Le 1er corps de l'armée, chargé de la défense de la ligne de front, a activé Durumi — un système d'alerte de défense antiaérienne utilisé en réponse aux incursions de drones ennemis. Des équipements de surveillance, notamment des dispositifs d'observation thermique (TOD) et des radars, ont été déployés pour tenter d'identifier le drone.

Cette réponse renforcée reflète la vigilance de la Corée du Sud suite à une série d'incursions de drones nord-coréens en décembre 2022, lorsque cinq drones ennemis ont pénétré dans l'espace aérien sud-coréen et ont suscité de vives critiques à l'encontre des capacités de défense aérienne de Séoul.

Le comité des chefs d'état-major interarmées (JCS) de Corée du Sud a ensuite confirmé que l'appareil était un drone militaire américain affecté au Corps des Marines américain, menant des opérations dans le cadre d'un exercice combiné avec les unités des Marines sud-coréens près de la frontière.

Cependant, des questions ont émergé quant à la raison pour laquelle l'armée sud-coréenne n'avait pas été informée au préalable de l'opération de drone alliée. Selon des rapports, le commandement des opérations terrestres de l'armée avait mobilisé des moyens de défense aérienne, notamment de l'artillerie antiaérienne, dans l'intention d'abattre le drone.

Les forces américaines en Corée (USFK) auraient fourni un préavis concernant leur plan d'opérer des drones près de la frontière, mais l'armée sud-coréenne maintient qu'elle n'a jamais accordé d'approbation formelle pour l'opération.

Le quotidien Chosun Ilbo a rapporté jeudi, citant des sources militaires non identifiées, que l'USFK avait informé la partie sud-coréenne de ses plans d'exercice et soumis un document officiel concernant l'opération de drone. Cependant, le document n'aurait jamais été remonté dans la chaîne de commandement ni partagé avec les unités de première ligne concernées.

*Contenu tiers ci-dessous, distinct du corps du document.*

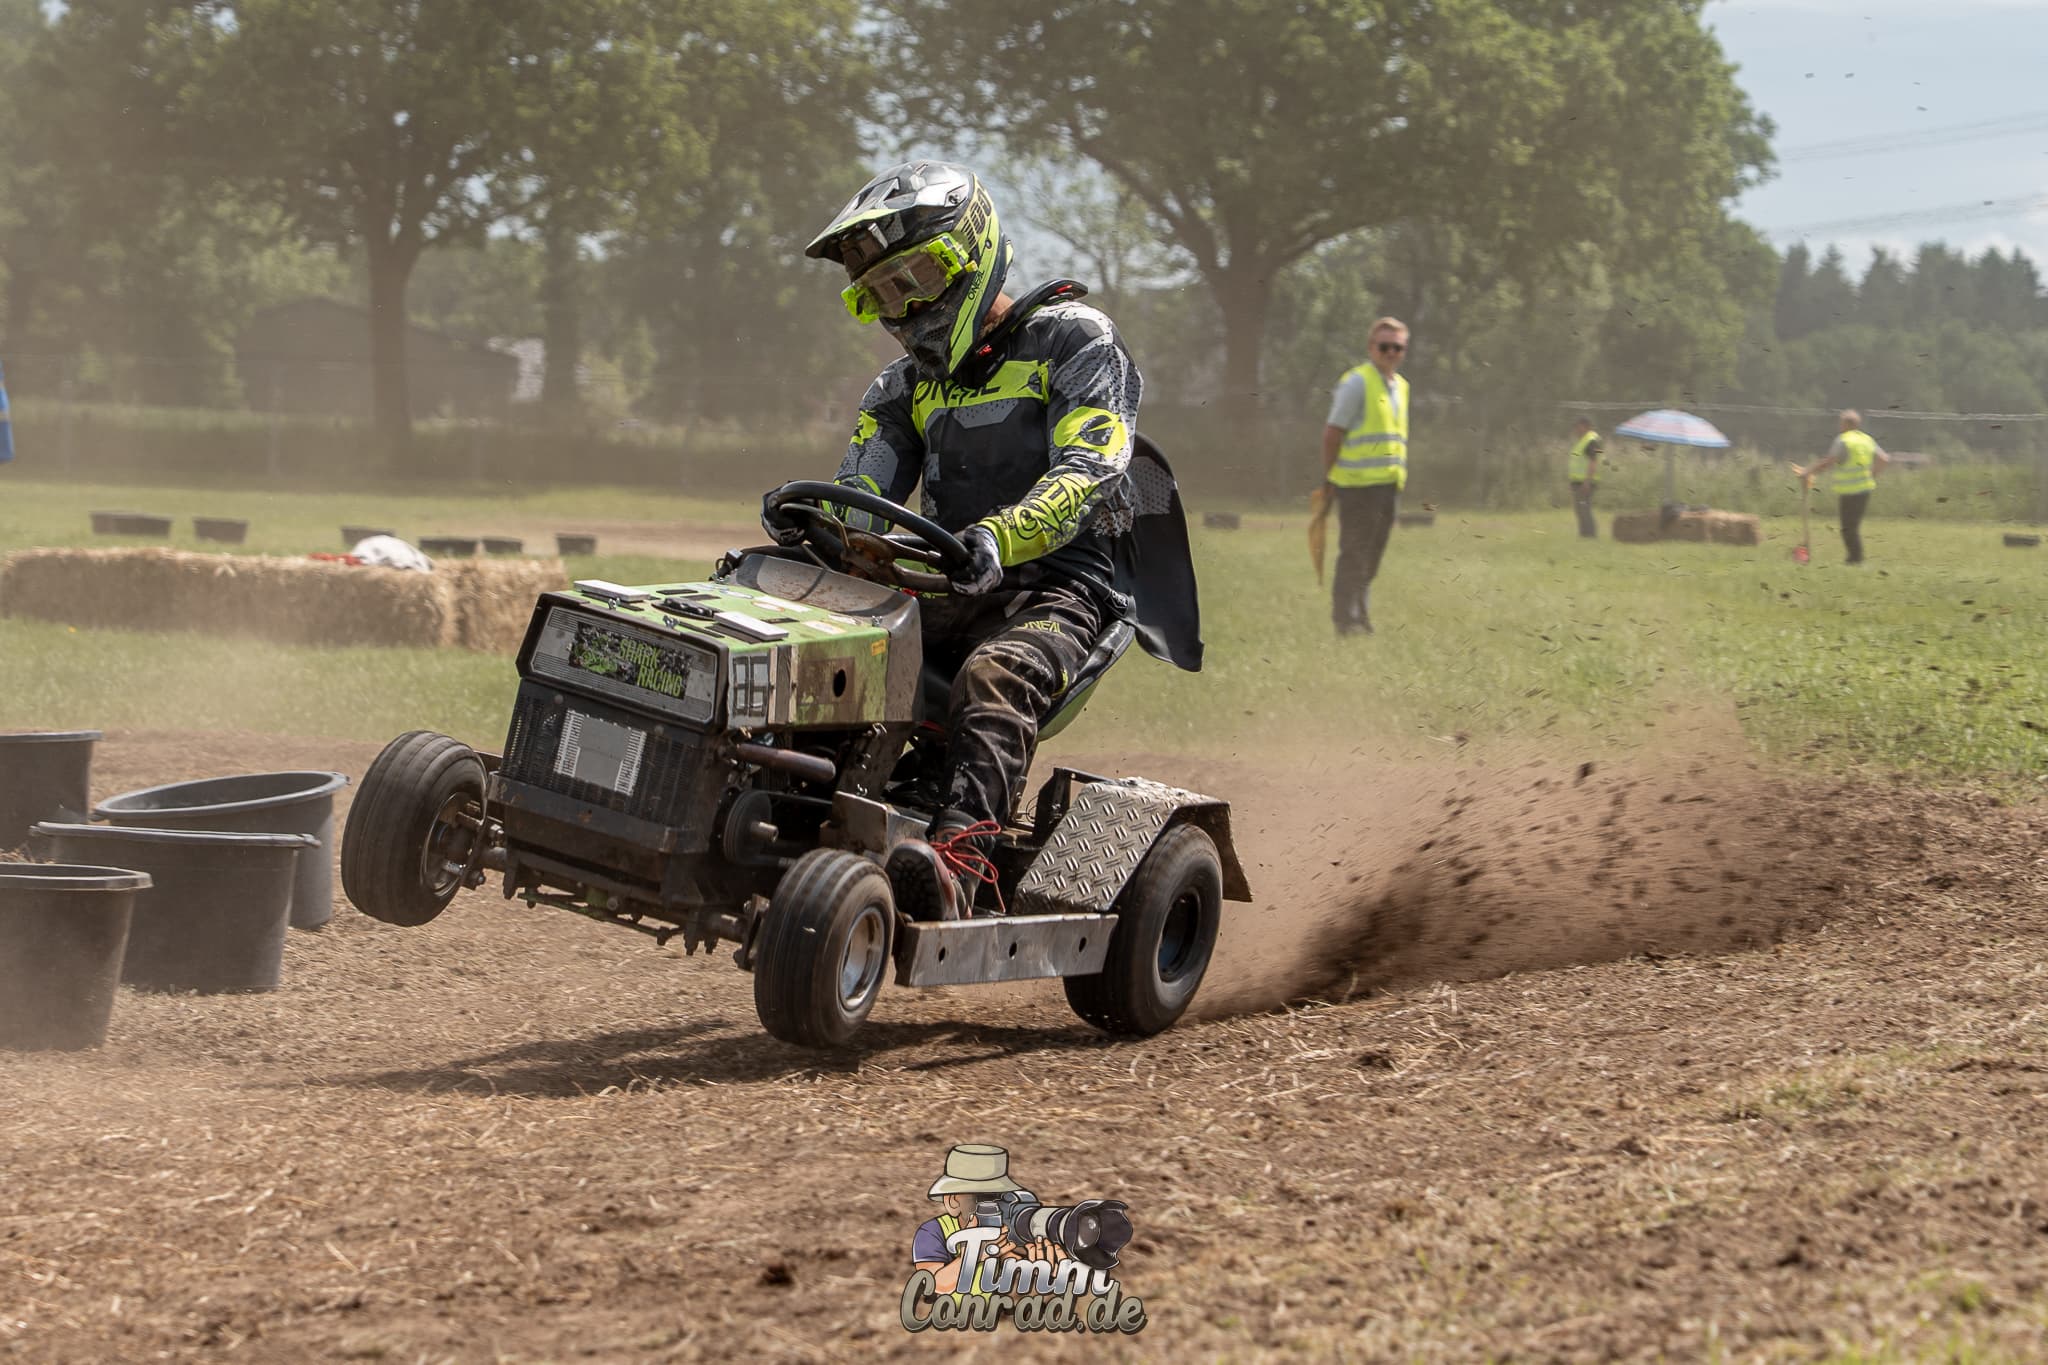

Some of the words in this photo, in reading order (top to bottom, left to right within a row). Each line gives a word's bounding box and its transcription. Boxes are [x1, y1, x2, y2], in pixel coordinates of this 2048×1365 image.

[1013, 472, 1100, 540] ONEAL
[619, 638, 661, 669] SHARK
[637, 665, 683, 697] RACING

Selon le protocole militaire sud-coréen, une notification préalable pour de telles opérations doit être soumise au commandement des opérations terrestres pour approbation.

Le JCS a déclaré qu'il rassemblait les faits concernant la chaîne de reporting et qu'il s'efforçait de déterminer si le drone américain avait opéré avec une autorisation appropriée.

L'USFK a indiqué qu'elle évaluait les circonstances entourant l'incident et qu'elle continuerait de coordonner avec l'armée sud-coréenne et les autorités compétentes à ce sujet.